Helen Hayes Hospital is a 155-bed physical rehabilitation hospital in West Haverstraw, New York, owned and operated by the New York State Department of Health. Established by Dr. Newton Schaffer in 1900 as a physical rehabilitation hospital for children, it is considered to be one of the first freestanding state-operated physical rehabilitation hospitals in the United States. The hospital was renamed in 1974 after celebrated stage and screen actress Helen Hayes MacArthur, who served on the hospital's Board of Visitors for 49 years until her death in 1993. The hospital is a member of the New York-Presbyterian Healthcare System.

The modern hospital provides rehabilitation on an inpatient and outpatient basis for individuals of all ages with a wide array of disabilities and conditions, including spinal cord injury, stroke, traumatic brain injury, cardiac and pulmonary disorders, amputations, joint replacements, osteoporosis, Parkinson's disease, multiple sclerosis, ALS, cerebral palsy and other neurological disorders. The hospital also provides pediatric rehabilitation for children with physical and cognitive disabilities and developmental delays.
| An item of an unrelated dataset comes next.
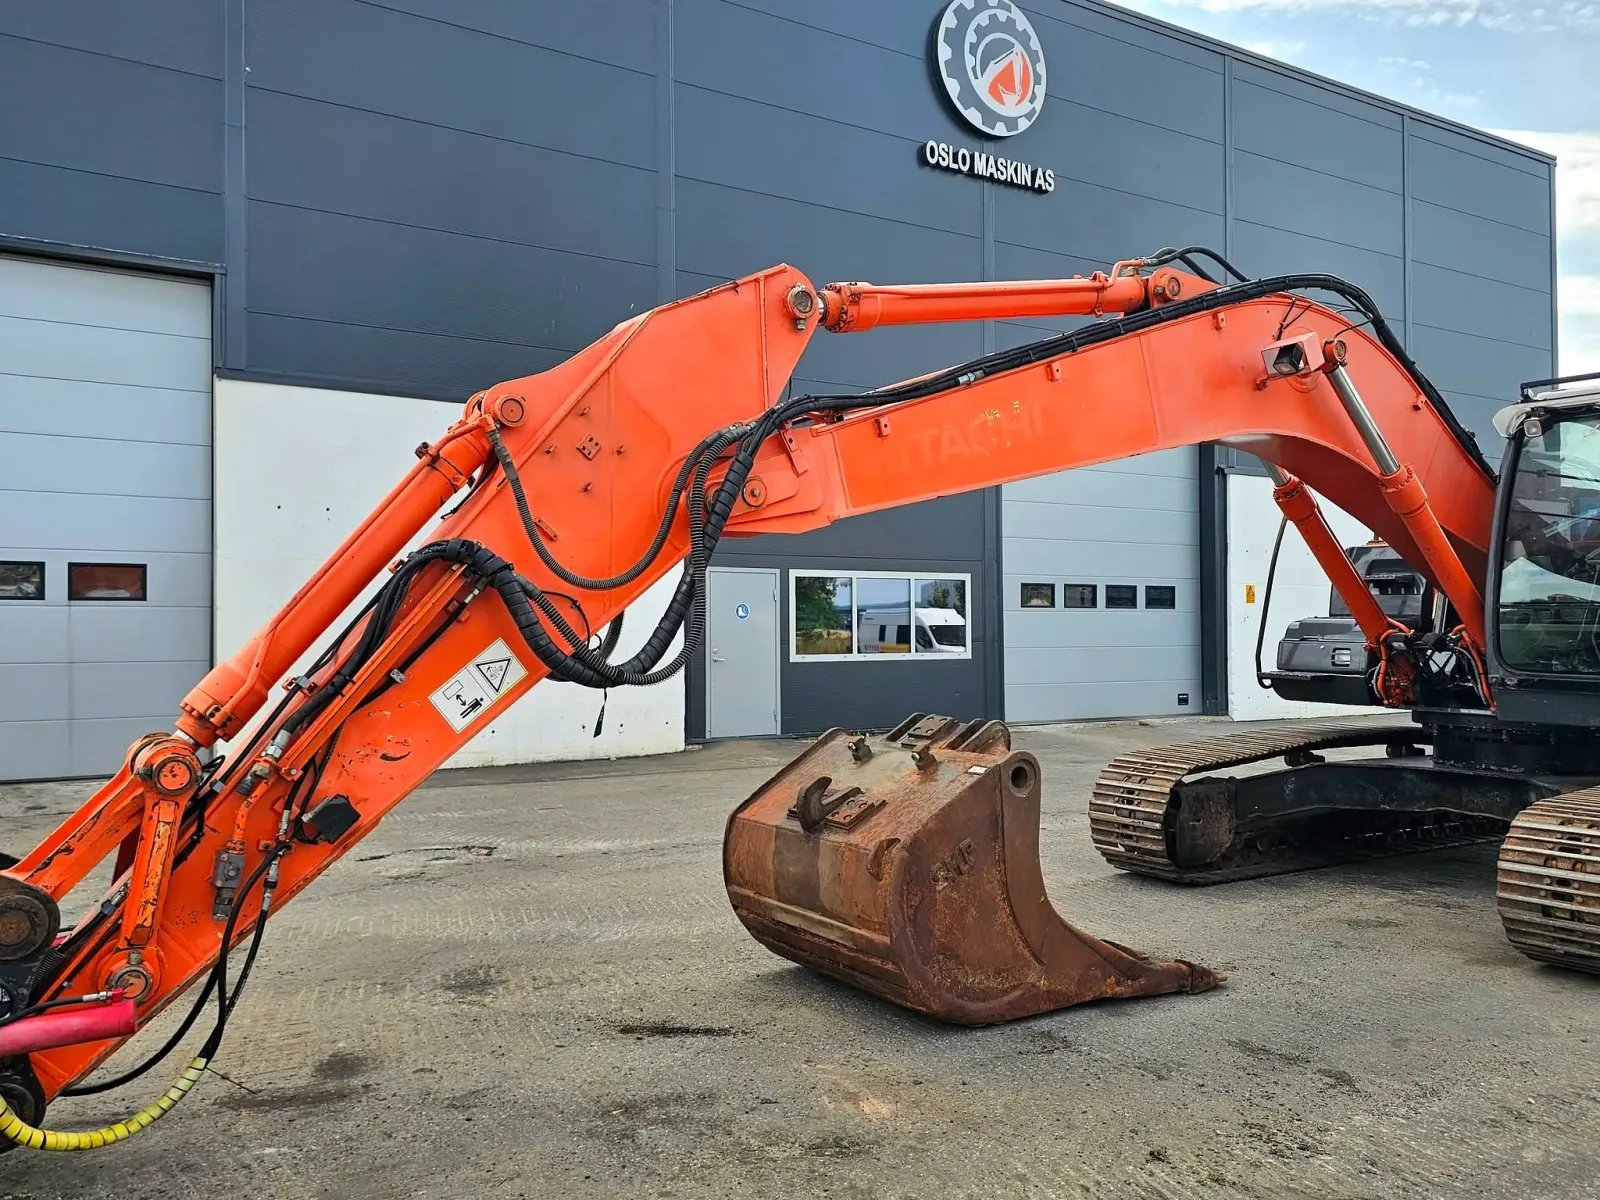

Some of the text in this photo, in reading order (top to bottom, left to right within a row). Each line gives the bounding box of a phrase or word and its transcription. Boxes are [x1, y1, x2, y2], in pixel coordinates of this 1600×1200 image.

[925, 140, 1055, 192] OSLO MASKIN AS
[882, 402, 1045, 477] ITACHI
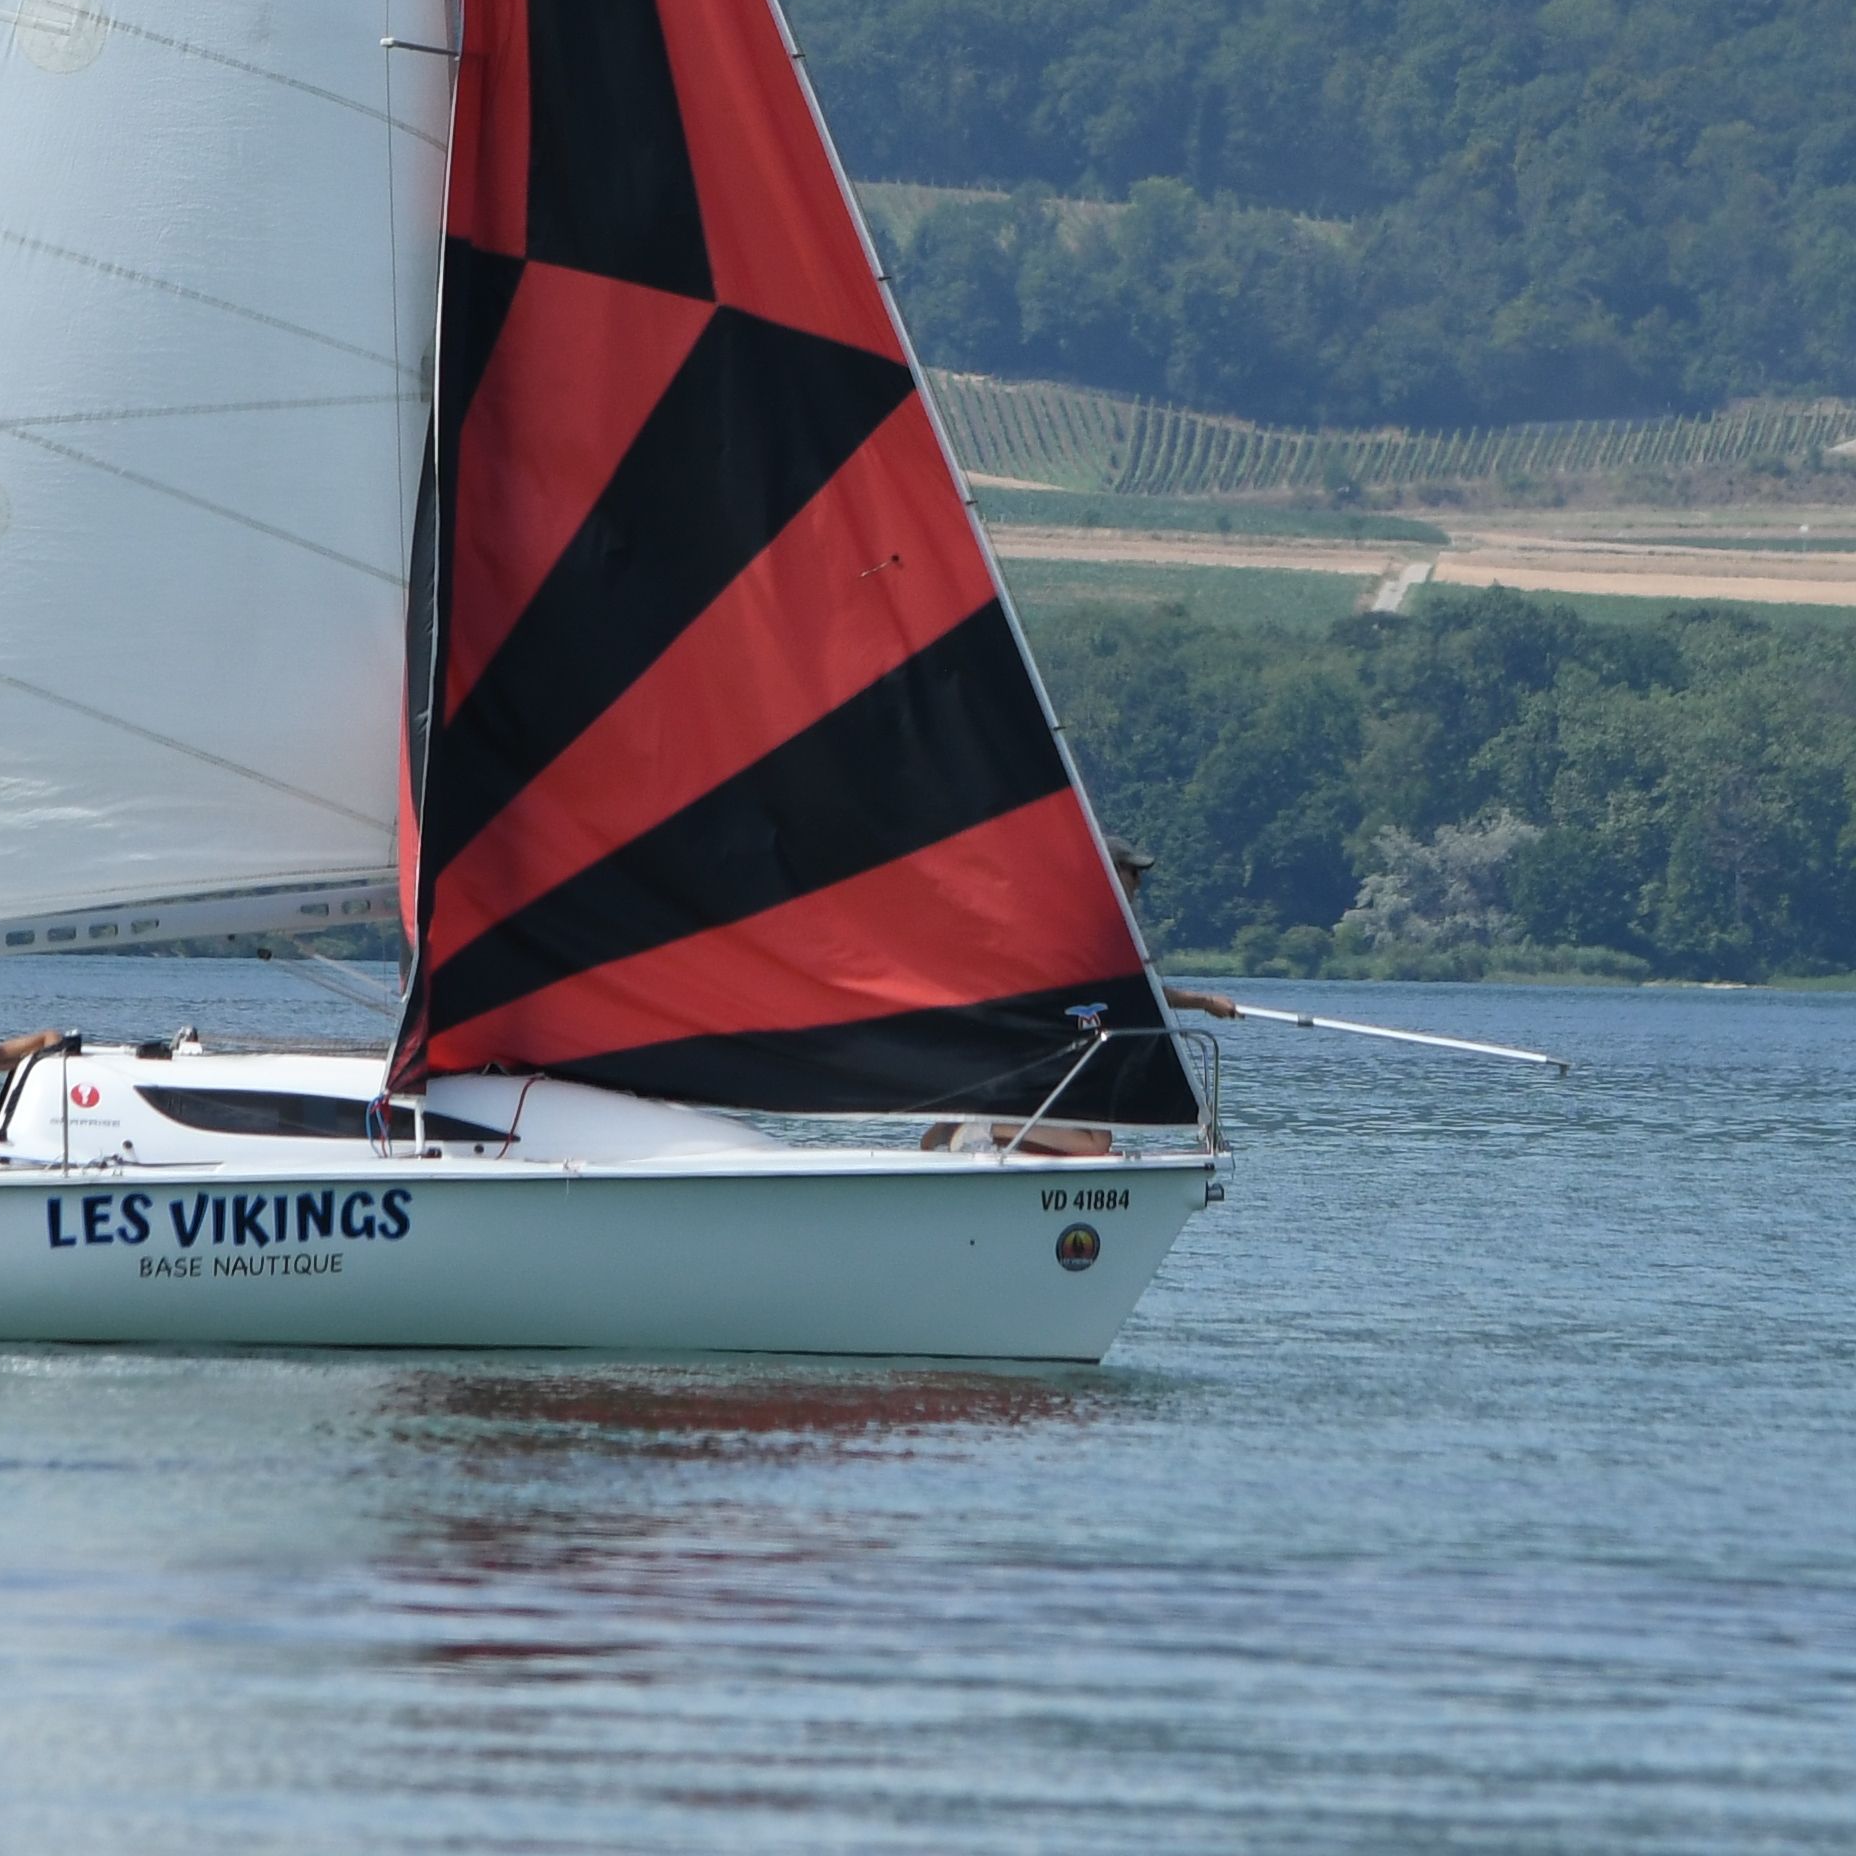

Helen Hayes Hospital is also home to The Center for Rehabilitation Technology, a center for advanced adaptive technology, and the Smart Apartment, a working replica of a home outfitted with adaptive technology for home life.

== History ==

The hospital, established in 1900 by Dr. Newton M. Shaffer, was originally called the New York State Hospital for the Care of Indigent Crippled and Deformed Children. Located at first In a commodious house on the banks of the Hudson River in Tarrytown, it was one of the first state-run, freestanding rehabilitation hospitals in the US. The facility opened its doors to patients on December 5, 1900, offering services to children aged 3 to 15 who were residents of New York State and whose parents were unable to pay for private treatment. The hospital originally had accommodations for 25-30 children; they lived full-time at the facility while receiving treatment. Admission to the hospital was in high demand among poor families who had children suffering from spinal disease, hip-joint diseases, infantile paralysis, and other conditions.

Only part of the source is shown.